Challenging Integrals in Calculus 1-2: Expand Your Problem-Solving Skills!

In summary: The integral can be evaluated using a change of coordinates to polar coordinates and the squeeze theorem.
  • #1
pakmingki
93
1
can someone give me some really hard intergrals to solve?

make sure they are in the range of calculus 1-2 (anything before multivariable)

My teacher assigned some few hard integrals, and they are fun. I want to try moer.
thanks.
 
  • Like
Likes CollinsArg
Physics news on Phys.org
  • #2
Try [tex] \int{\frac{(1+x^{2})dx}{(1-x^{2})\sqrt{1+x^{4}}}} [/tex]
(forgot to put the integral sign in, it is now fixed)
 
Last edited:
  • #3
sin(2x)cos(2x)dx
 
  • #4
[tex]\int e^{-x^2} dx[/tex]
 
  • Like
Likes yucheng, ammarb32, CollinsArg and 3 others
  • #5
ObsessiveMathsFreak said:
[tex]\int e^{-x^2} dx[/tex]

I doubt that it belongs to either Calculus 1 or Calculus 2 problems. :bugeye:

pakmingki said:
... make sure they are in the range of calculus 1-2 (anything before multivariable)...
 
  • Like
Likes yucheng and Delta2
  • #6
[tex]\int^{1}_0 \frac{\log_e (1+x)}{x} dx [/tex]. Quite an interesting one that someone gave to me. Nice Solution :)
 
  • #7
Find [tex]\frac{f'(x)}{f(x)}[/tex] where [tex] f(x) = sec(x)+tan(x) [/tex]and hence find [tex] \int sec(x) dx[/tex].

One of my faves :smile:
 
  • #8
wow, these loko pretty fun. THey look way different from the ones I've ever seen.

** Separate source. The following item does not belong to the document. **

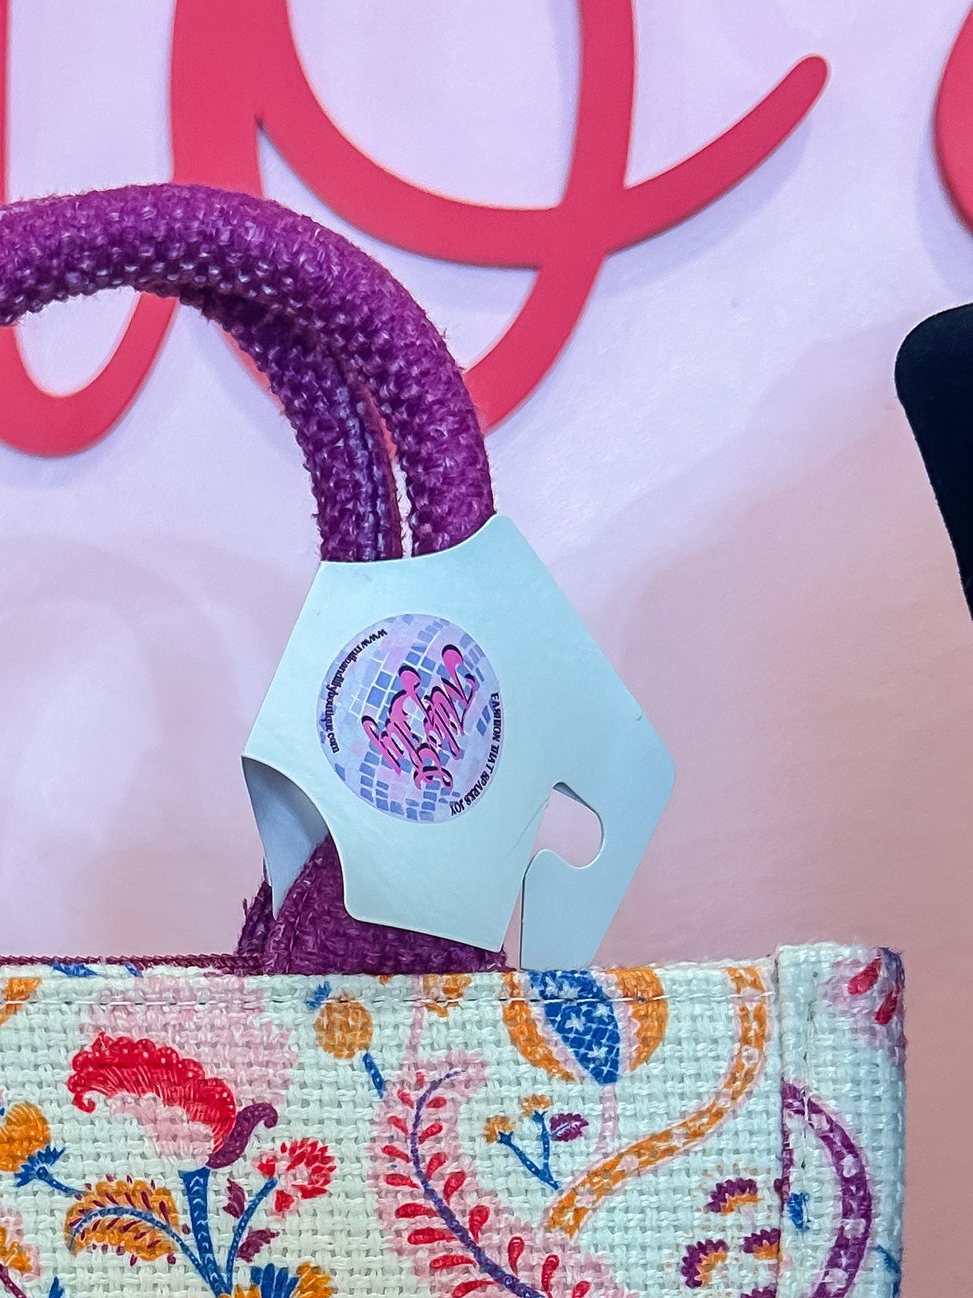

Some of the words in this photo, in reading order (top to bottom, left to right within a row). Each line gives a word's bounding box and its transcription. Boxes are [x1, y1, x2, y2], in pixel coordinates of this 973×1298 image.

[490, 692, 501, 743] FASHION
[466, 772, 491, 806] SPARKS
[450, 801, 466, 816] JOY

Ill give them a whirl sometime soon.
 
  • #9
This is a pretty hard one but I haven't finished Calc 2 so I don't know any harder than this.

My favorite Integral so far is this:

[tex]\int \frac{dx}{(x^2+9)^3}[/tex]

It's general form is of
[tex]\int \frac{dx}{(x^2+a^2)^n}[/tex]

It has a really interesting answer
 
  • Like
Likes 1 person
  • #10
Hard ,but famous and bautiful :

[tex]\int_{0}^{\infty}sin(x^2)dx[/tex]
 
  • #11
Try this one...:biggrin:

[tex]\int \sqrt{\tan(x)}{\rm dx}[/tex]
 
  • #12
janhaa said:
Try this one...:biggrin:

[tex]\int \sqrt{\tan(x)}{\rm dx}[/tex]
That's a good one :rofl:
 
  • #13
zoki85 said:
Hard ,but famous and bautiful :

[tex]\int_{0}^{\infty}sin(x^2)dx[/tex]

Took me 5 minutes only :rolleyes:
That question though, however, was just..simply amazing.
I suggest everyone try that question
 
  • #14
I think the original poster has quite enough thanks...he hasn't actually done any of them yet.
 
  • #15
zoki85 said:
Hard ,but famous and bautiful :

[tex]\int_{0}^{\infty}sin(x^2)dx[/tex]

I'm stumped but intrigued.
 
  • #16
[tex]\int \frac{1}{x^5+1}dx[/tex]
 
  • #17
Invictious said:
Took me 5 minutes only :rolleyes:
That question though, however, was just..simply amazing.
I suggest everyone try that question

We are not all as clever as you Invictious :tongue:
 
  • Haha
Likes yucheng
  • #18
Equilibrium said:
[tex]\int \frac{1}{x^5+1}dx[/tex]

I'm just out of Calc 1, so I'm not sure if I even have the knowledge to solve this... but here's where I am now. I can't tell if I complicated it even more, or if I'm closer to getting the solution.

[tex]\int (r-1)^{1/5}ln(r) - r^{-1} (r-1)^{1/5} dr[/tex]

I used u-substitution (well, r-substitution), where [tex]r = x^5 + 1[/tex]. After the substitution I used integration by parts, and now I'm unsure if that was even the right path. Please let me know!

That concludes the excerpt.